He could feel the sweat pouring from his armpits. This year's stadium was the perfect climate for the South-American tributes. However, he could see the USA contestants had cooling vests on. On the other hand, the Canadians weren't so lucky. 'Get me oot!' the female tribute screamed. The heat made them fall to their knees, unable to move. Silly Canadians, don't freeze to death when it's below 10 C but can't handle a little warm weather, ax6 thought. Fortunately, ax6 was used to this weather, but he still wouldn't be able to get to the middle before the 'Muricans. When he heard the starting signal, he made a run for the rain forest behind him. He looked back one time, only to see the 'Muricans murdering the Canadians in cold blood, yelling 'Football is better than ice hockey, you maplelovers!' Stupid 'Muricans, couldn't even trashtalk properly. While the 'Muricans were too busy trashtalking the Canadians, he saw some other tributes get some supplies in the middle. Maybe ax6 could have gotten some stuff after all. He'd better start looking for hiw own supplies. With that, he ran into the forest, not sure what he would find.

After an hour of walking, ax6 stopped and sat down. His shirt was drenched with sweat. The heat meant his thirst was enormous, but he hadn't found any source of water yet, just a couple of berries that he didn't entirely trust so he left them. He was tempted to drink his own sweat by squeezin out of his shirt, but he decided against it when he put his tongue on his shirt to get a taste. He found some shelter under a tree, giving him a bit of shade so the sun would at least not heat him up even more. While he craved for food, he know he didn't per se need any very soon, as he had enough reserves stored.
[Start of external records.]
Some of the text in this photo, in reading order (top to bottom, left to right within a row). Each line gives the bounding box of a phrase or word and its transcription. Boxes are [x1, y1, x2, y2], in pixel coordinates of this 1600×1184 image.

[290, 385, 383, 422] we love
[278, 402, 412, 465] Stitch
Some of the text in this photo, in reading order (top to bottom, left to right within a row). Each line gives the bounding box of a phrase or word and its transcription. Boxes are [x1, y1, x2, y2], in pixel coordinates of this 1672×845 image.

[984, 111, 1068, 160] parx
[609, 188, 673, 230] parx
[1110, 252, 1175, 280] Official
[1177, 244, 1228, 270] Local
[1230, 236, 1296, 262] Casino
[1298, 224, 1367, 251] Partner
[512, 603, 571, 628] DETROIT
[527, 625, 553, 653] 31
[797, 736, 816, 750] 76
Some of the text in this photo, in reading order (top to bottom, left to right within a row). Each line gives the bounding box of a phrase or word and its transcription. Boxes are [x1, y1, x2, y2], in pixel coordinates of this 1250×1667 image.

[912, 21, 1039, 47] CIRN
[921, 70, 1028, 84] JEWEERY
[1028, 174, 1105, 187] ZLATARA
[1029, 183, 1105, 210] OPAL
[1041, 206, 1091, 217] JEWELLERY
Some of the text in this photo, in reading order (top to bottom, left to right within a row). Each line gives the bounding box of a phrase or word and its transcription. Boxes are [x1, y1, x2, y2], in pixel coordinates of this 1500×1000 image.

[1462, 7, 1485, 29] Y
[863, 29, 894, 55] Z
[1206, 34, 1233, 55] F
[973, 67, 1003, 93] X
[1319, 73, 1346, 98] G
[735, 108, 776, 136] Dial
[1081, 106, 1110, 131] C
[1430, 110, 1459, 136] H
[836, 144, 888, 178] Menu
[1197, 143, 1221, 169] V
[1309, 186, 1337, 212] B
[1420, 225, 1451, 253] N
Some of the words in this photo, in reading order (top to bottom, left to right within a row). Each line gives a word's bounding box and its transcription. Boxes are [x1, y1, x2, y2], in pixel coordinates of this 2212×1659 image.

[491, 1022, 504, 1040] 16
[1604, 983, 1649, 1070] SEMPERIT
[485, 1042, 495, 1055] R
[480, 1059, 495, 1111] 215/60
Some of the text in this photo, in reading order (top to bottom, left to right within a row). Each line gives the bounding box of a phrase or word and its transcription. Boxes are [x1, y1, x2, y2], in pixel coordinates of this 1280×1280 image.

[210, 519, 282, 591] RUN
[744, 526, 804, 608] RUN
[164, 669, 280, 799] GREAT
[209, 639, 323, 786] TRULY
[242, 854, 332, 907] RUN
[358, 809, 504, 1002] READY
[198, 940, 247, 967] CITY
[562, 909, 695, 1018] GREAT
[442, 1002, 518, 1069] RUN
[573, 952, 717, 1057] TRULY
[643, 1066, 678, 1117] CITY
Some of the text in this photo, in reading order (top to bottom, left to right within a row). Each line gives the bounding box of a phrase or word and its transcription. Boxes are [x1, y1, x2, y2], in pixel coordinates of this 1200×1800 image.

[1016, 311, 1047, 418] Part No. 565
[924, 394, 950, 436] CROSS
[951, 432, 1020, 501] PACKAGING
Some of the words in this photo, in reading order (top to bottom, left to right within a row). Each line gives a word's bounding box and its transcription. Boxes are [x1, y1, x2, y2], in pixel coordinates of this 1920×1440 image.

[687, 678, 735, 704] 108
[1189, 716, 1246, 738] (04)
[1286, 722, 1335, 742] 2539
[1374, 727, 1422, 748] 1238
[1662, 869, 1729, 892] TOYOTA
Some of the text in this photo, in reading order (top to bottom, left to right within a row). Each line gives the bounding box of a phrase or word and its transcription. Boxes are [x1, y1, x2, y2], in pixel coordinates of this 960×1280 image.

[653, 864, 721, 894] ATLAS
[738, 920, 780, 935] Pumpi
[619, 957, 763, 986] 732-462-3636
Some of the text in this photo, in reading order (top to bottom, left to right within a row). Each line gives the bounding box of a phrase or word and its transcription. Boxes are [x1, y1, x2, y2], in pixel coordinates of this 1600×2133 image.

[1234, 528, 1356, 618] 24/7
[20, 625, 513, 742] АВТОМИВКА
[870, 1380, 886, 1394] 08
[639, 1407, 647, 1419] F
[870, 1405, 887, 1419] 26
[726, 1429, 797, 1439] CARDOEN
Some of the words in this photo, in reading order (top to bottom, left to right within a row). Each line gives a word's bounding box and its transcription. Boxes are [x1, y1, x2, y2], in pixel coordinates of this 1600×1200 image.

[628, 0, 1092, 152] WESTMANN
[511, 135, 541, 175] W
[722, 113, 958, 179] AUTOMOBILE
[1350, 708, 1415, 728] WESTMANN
As he sat there, no sound around him, he fell asleep.

Ax6 suddenly woke up because of some voices nearby. The group spoke Spanish. While South American countries were known to team up early on in the games, he didn't dare to show himself, as he didn't really have any useful skills and would only be a liability. He stayed hidden in the little hole under the tree and just took a sneak peak to see if they were nearby. He could see them coming because of the little light they carried with them, but since it was dark, he was pretty sure they weren't able to see him. However, they were closing in on him, and as they got closer, ax6 didn't dare to keep looking.
conversation will just be in english, I don't know any spanish
'Let's set camp here, we've got enough supplies for now and we need some rest.' They sat a couple meters from the hole ax6 was in by the sound of it. 'Let's camp out in the open, that way we know if there is rain so we can maybe catch some more water.' ax6 was trapped and he was still thirsty as hell. Even if it started to rain, he couldn't catch the water with his mouth without the risk of being seen. He sat there as the group kept talking about themselves and the chances they had. There were two people from Mexico, one from Brazil who spoke broken Spanish, the other tribute from Argentina and two tributes from Chile. They were all skeptical about winning. 'Let's at least put up a fight aginst those 'Muricans.' After an hour or so, the first four went to sleep while two stood guard. ax6 thought about sneaking away, but he was too afraid he would make a noise. It was dead silent, so any noise would grab the guards' attention.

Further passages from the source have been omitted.